- [What the task asks] Where the data below contains pictures, omit them; output the rest word for word.

*** Begin section ***

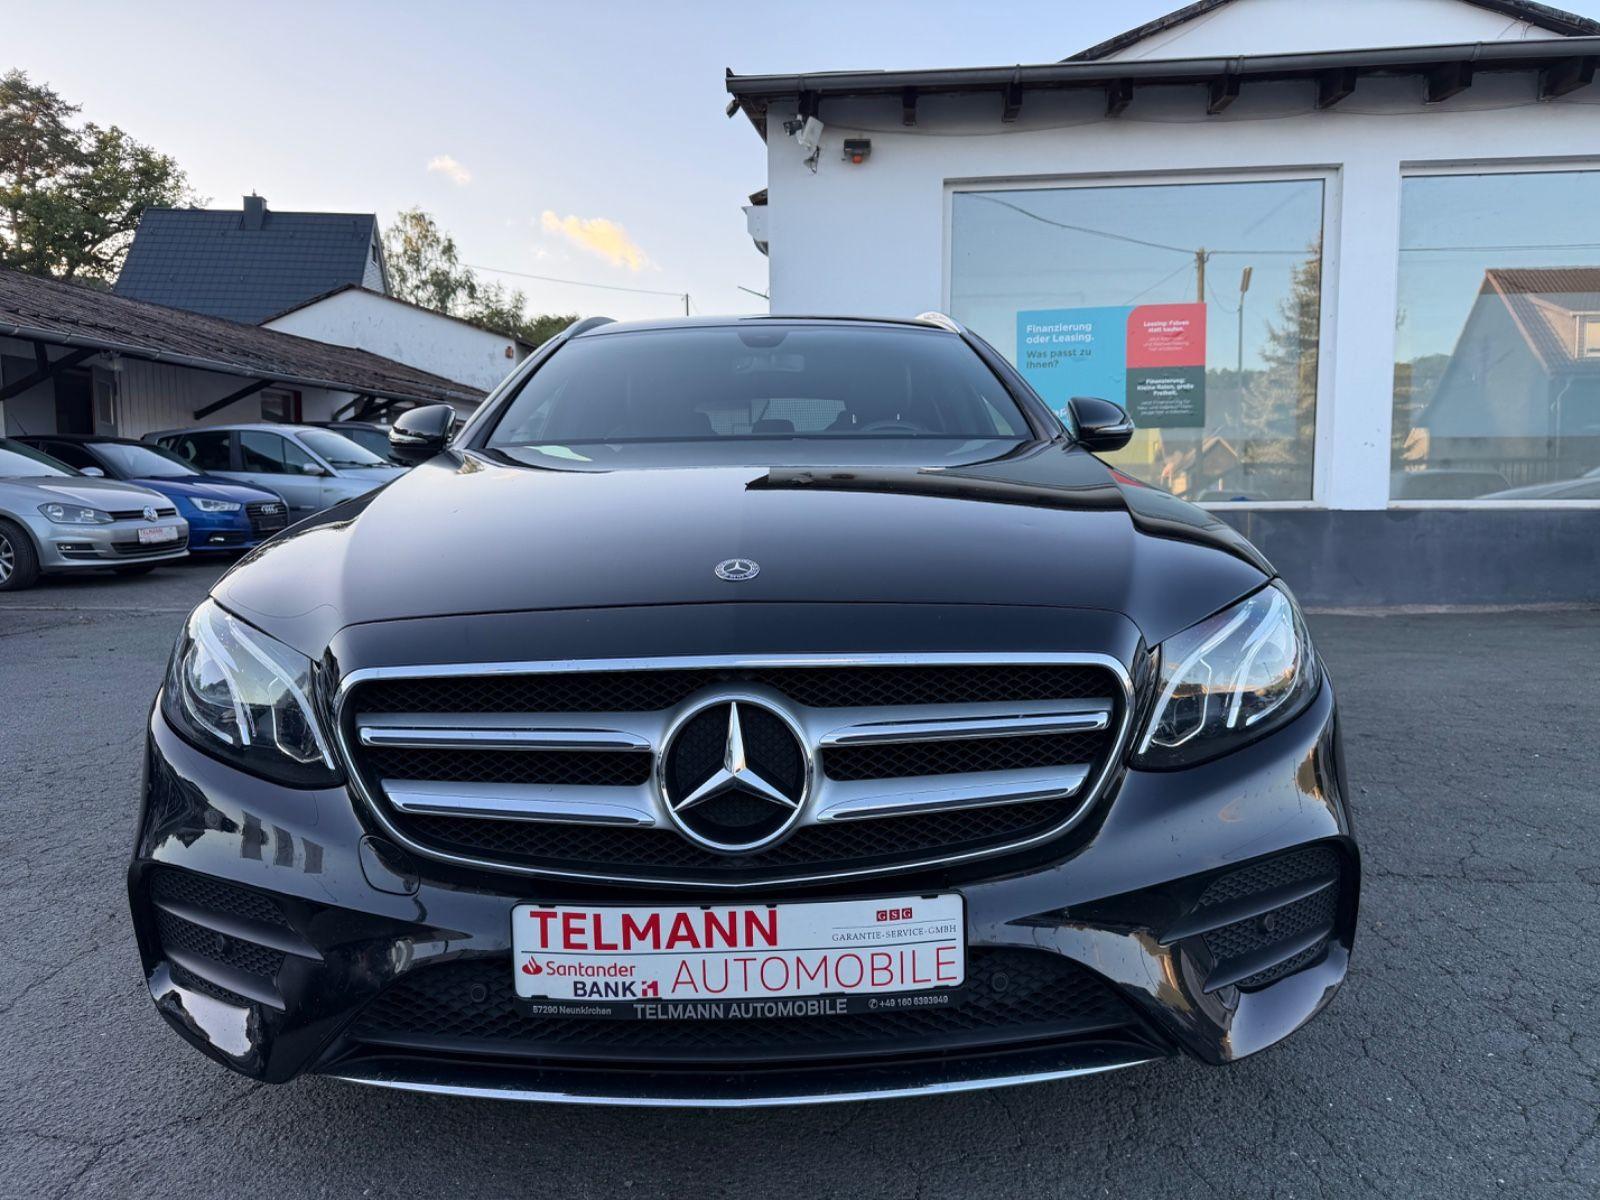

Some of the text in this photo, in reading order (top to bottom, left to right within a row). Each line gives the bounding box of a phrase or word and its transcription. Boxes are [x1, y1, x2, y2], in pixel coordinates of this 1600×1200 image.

[1026, 323, 1092, 333] Finanzierung
[1026, 333, 1095, 344] oder Leasing.
[1026, 348, 1092, 359] Was passt zu
[1026, 360, 1060, 369] Ihnen?
[876, 907, 913, 922] GSG
[529, 909, 778, 951] TELMANN
[546, 961, 636, 977] Santander
[671, 946, 958, 994] AUTOMOBILE
[879, 998, 896, 1008] +49
[559, 1005, 612, 1015] Neunkirchen
[633, 998, 848, 1020] TELMANN AUTOMOBILE

*** End section ***

- [Result of this task]
Some of the text in this photo, in reading order (top to bottom, left to right within a row). Each line gives the bounding box of a phrase or word and its transcription. Boxes are [x1, y1, x2, y2], in pixel coordinates of this 1600×1200 image.

[1026, 323, 1092, 333] Finanzierung
[1026, 333, 1095, 344] oder Leasing.
[1026, 348, 1092, 359] Was passt zu
[1026, 360, 1060, 369] Ihnen?
[876, 907, 913, 922] GSG
[529, 909, 778, 951] TELMANN
[546, 961, 636, 977] Santander
[671, 946, 958, 994] AUTOMOBILE
[879, 998, 896, 1008] +49
[559, 1005, 612, 1015] Neunkirchen
[633, 998, 848, 1020] TELMANN AUTOMOBILE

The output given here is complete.